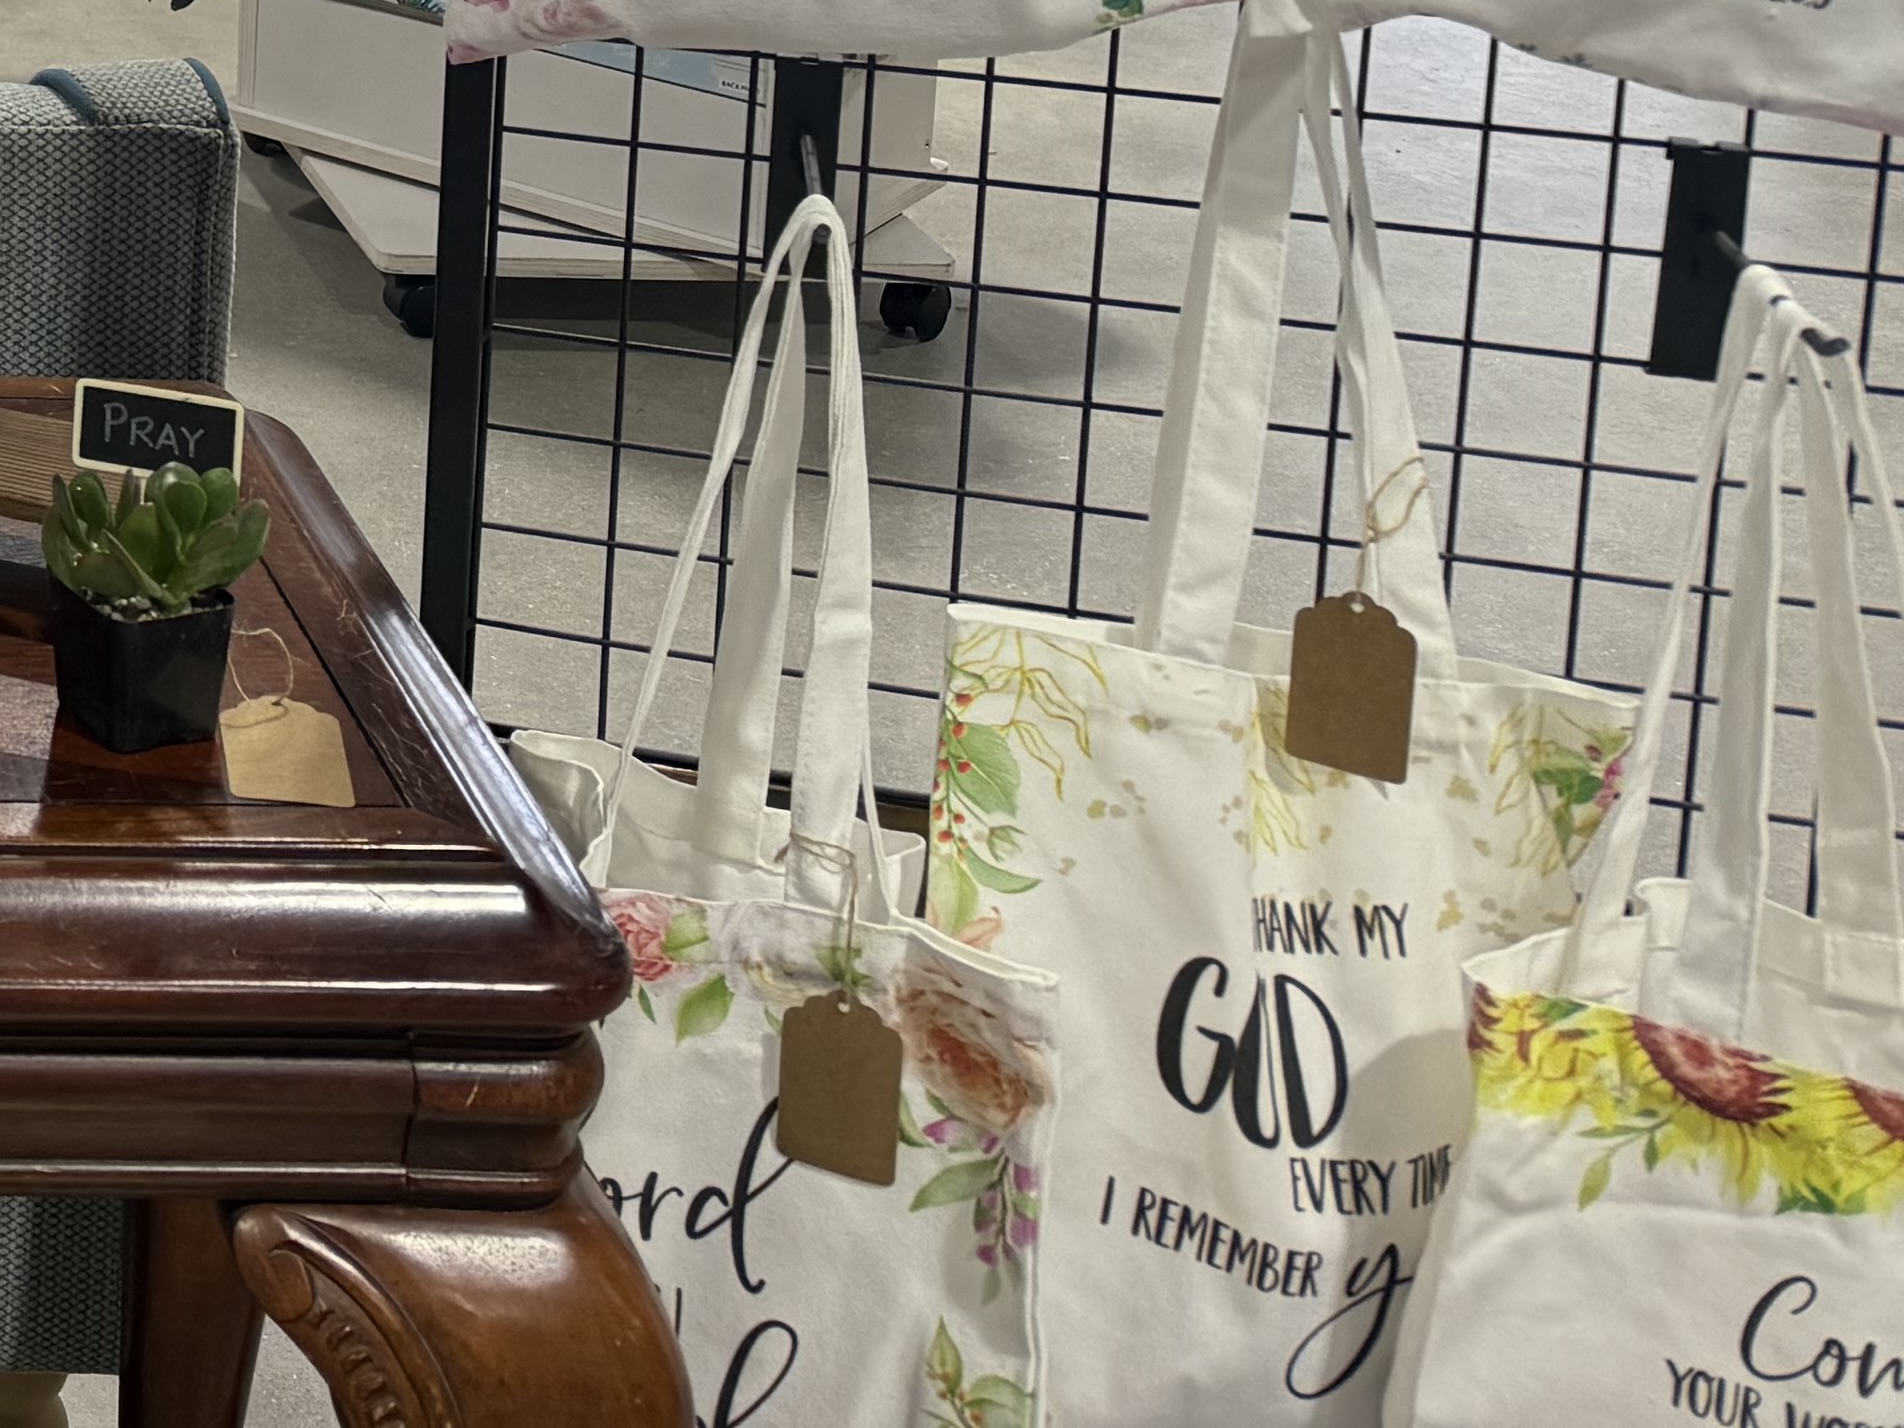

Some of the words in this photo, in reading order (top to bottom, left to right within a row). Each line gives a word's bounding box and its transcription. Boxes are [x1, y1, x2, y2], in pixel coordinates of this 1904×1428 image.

[100, 400, 203, 458] PRAY
[1355, 902, 1411, 959] MY
[1156, 955, 1350, 1151] GOD
[1291, 1160, 1396, 1217] EVERY
[1100, 1174, 1116, 1226] I
[1129, 1191, 1326, 1300] REMEMBER

> _Required work_
Everything in the entries above except the pictures should be given again exactly.

> _Solution for this task_
Some of the words in this photo, in reading order (top to bottom, left to right within a row). Each line gives a word's bounding box and its transcription. Boxes are [x1, y1, x2, y2], in pixel coordinates of this 1904×1428 image.

[100, 400, 203, 458] PRAY
[1355, 902, 1411, 959] MY
[1156, 955, 1350, 1151] GOD
[1291, 1160, 1396, 1217] EVERY
[1100, 1174, 1116, 1226] I
[1129, 1191, 1326, 1300] REMEMBER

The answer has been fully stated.